- Born: Richard Starr Ross January 18, 1924 Richmond, Indiana
- Died: August 11, 2015 (aged 91) Baltimore, Maryland
- Education: Harvard University
- Occupations: Cardiologist, Dean of Johns Hopkins Medical School
- Spouse: Elizabeth McCracken Ross

= Richard S. Ross =

American cardiologist (1924–2015)

Richard Starr Ross (January 18, 1924 - August 11, 2015) was an American cardiologist and served as Dean of Johns Hopkins University's School of Medicine from 1975 to 1990. He examined Richard M. Nixon for the Watergate investigation.

Ross was born in Richmond, Indiana. After graduating from Richmond High School, he began his undergraduate studies at Harvard in 1942, and because of the accelerated academic program during World War II, he entered Harvard Medical School without finishing his undergraduate degree. He graduated cum laude in 1947, then moved to Baltimore, where he planned to spend a year on the Osler Medical Service at Hopkins as an intern and then return to Boston. In a 1974 interview with The Baltimore Sun, he said, "I fell in love with this place." After completing one year of his residency at Hopkins, Ross joined the Army Medical Corps and served as a captain and chief of cardiovascular medicine with the 141st General Hospital in the Far East during the Korean War. He returned to Hopkins in 1951 and after completing a second year of medical residency, returned to Harvard to serve as a fellow in physiology from 1952 to 1953, when he again returned to Hopkins as chief medical resident.

Ross became associated with Helen Taussig, a renowned pediatric cardiologist, who along with the surgeon Alfred Blalock and laboratory technician Vivien Thomas perfected the "blue baby" operation that established the field of cardiac surgery. Along with Taussig, he cared for adults with congenital heart disease who were coming from all across the world because of her renown. He also joined her in studying pulmonary hypertension in the young patents who had undergone the "blue baby" operation. Beginning his research in 1960, he developed and introduced an X-ray movie technique — coronary cineangiography — for diagnosing and studying methods to treat coronary artery and vascular heart disease. This technique has resulted in making it possible for cardiologists to obtain precise information on the structure of the heart arteries in living people. He became a staunch advocate of preventive medicine in forestalling heart disease. He urged physicians to counsel their patients in the three risk factors associated with heart disease: hypertension, cigarette smoking, and high cholesterol levels.

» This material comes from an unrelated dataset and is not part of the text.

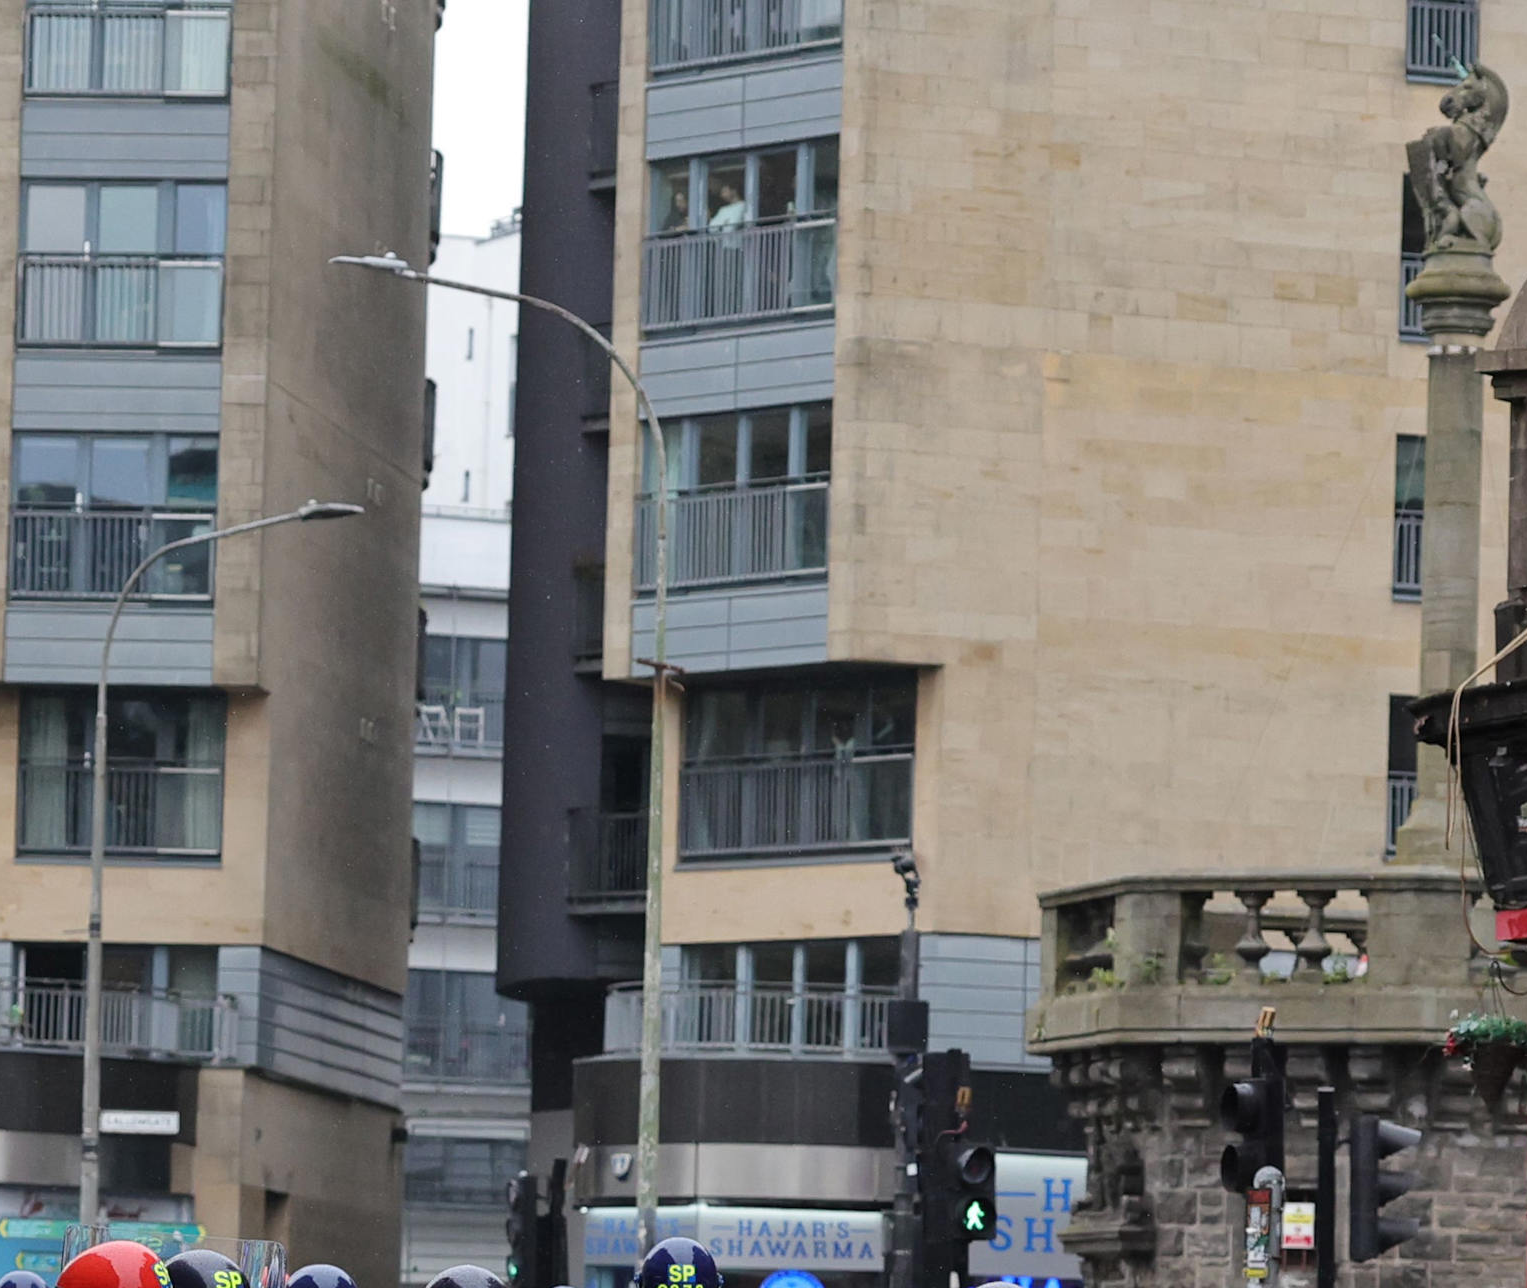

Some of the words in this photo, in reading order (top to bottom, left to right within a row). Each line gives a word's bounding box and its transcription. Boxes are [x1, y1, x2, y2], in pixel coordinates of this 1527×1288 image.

[737, 1219, 850, 1238] HAJAR'S
[710, 1237, 875, 1259] SHAWARMA
[669, 1264, 696, 1283] SP

Ross moved through the school's academic ranks, achieving directorship of the cardiology division at Johns Hopkins in 1961, head of its Wellcome Research Laboratory and full professorship in the medical school in 1965. He was named the Clayton Professor of Cardiovascular Disease in 1969. He served as president of the American Heart Association from 1973 to 1974.

Ross' expertise in cardiology was such that in 1974, he was one of three physicians asked by Judge John Sirica, chief judge of the U.S. District Court in Washington, to examine former U.S. president Richard M. Nixon at his home in San Clemente, California, to see if he was fit enough to testify at the Watergate hearings. They unanimously concluded that the former president was too ill to travel to Washington. Ross died of complications related to Parkinson's disease at his home in Baltimore, Maryland on August 11, 2015.